**WORK INSTRUCTION**
Output all the entries word for word. Omit the pictures.

**DATASET RECORDS**
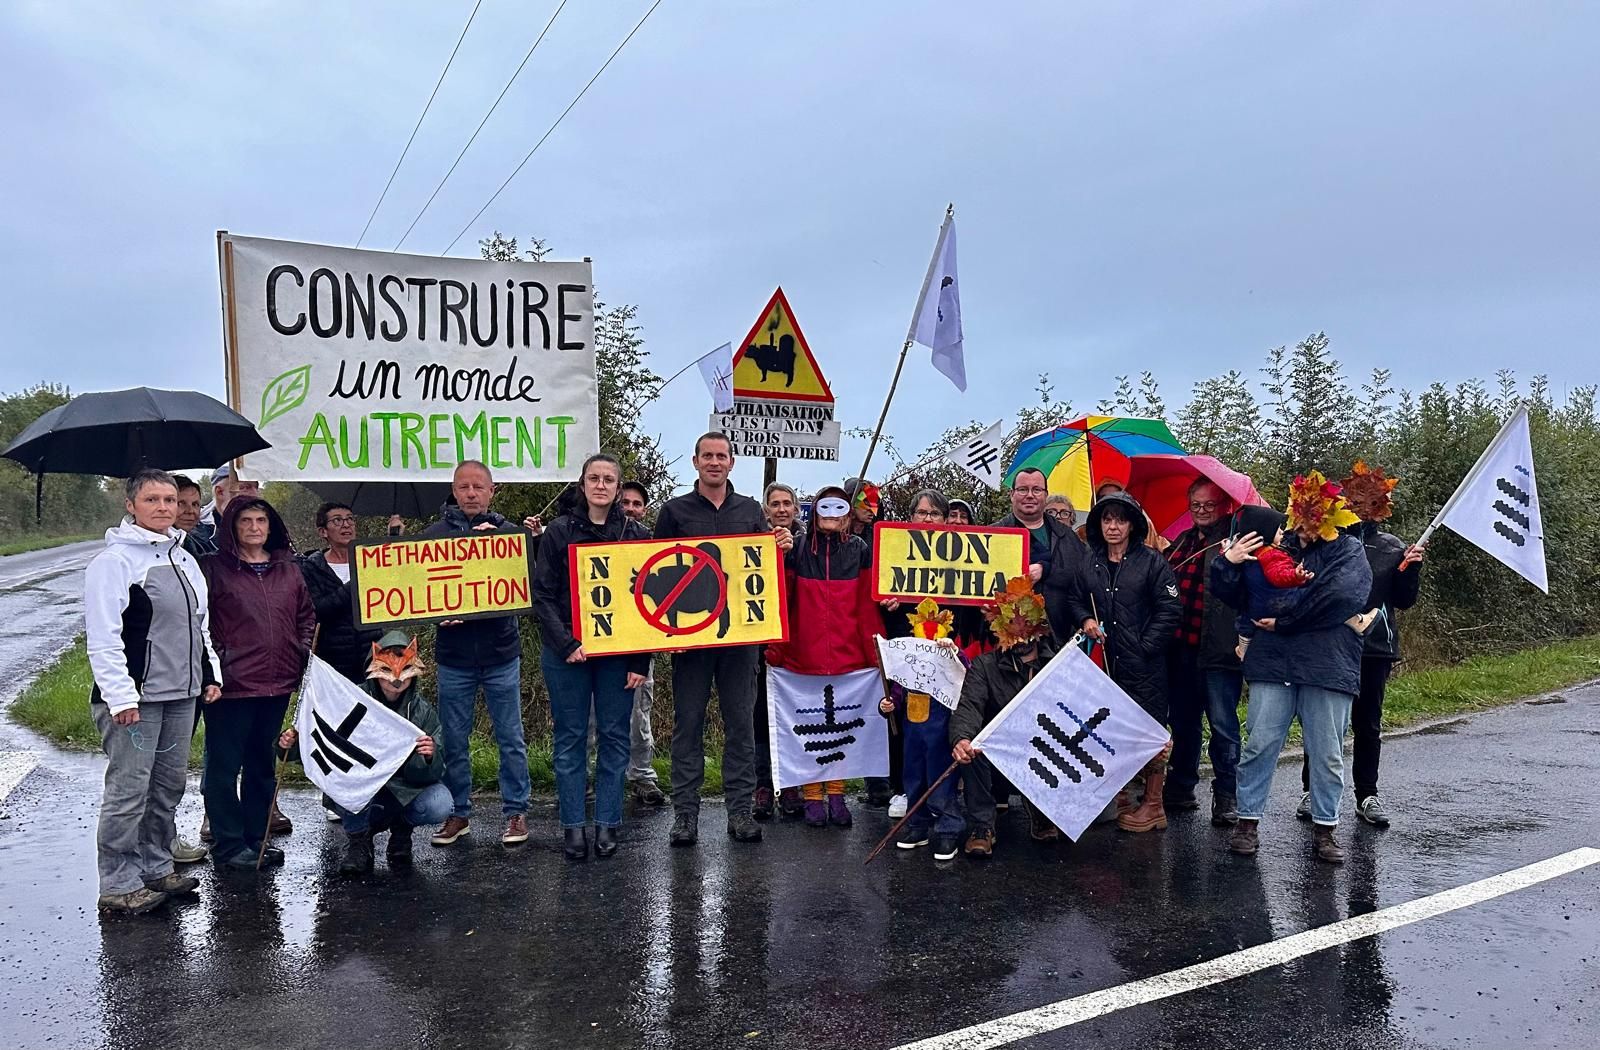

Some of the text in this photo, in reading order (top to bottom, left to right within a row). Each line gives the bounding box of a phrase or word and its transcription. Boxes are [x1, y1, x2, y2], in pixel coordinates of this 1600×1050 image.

[328, 356, 542, 401] un monde
[784, 419, 824, 436] NON!
[297, 411, 579, 470] AUTREMENT
[744, 431, 780, 444] BOIS
[743, 445, 836, 460] GUERIVIERE
[906, 530, 993, 565] NON
[890, 566, 1008, 597] METHA
[889, 640, 906, 651] DES
[914, 681, 925, 690] DE

**TASK OUTPUT**
Some of the text in this photo, in reading order (top to bottom, left to right within a row). Each line gives the bounding box of a phrase or word and its transcription. Boxes are [x1, y1, x2, y2], in pixel coordinates of this 1600×1050 image.

[328, 356, 542, 401] un monde
[784, 419, 824, 436] NON!
[297, 411, 579, 470] AUTREMENT
[744, 431, 780, 444] BOIS
[743, 445, 836, 460] GUERIVIERE
[906, 530, 993, 565] NON
[890, 566, 1008, 597] METHA
[889, 640, 906, 651] DES
[914, 681, 925, 690] DE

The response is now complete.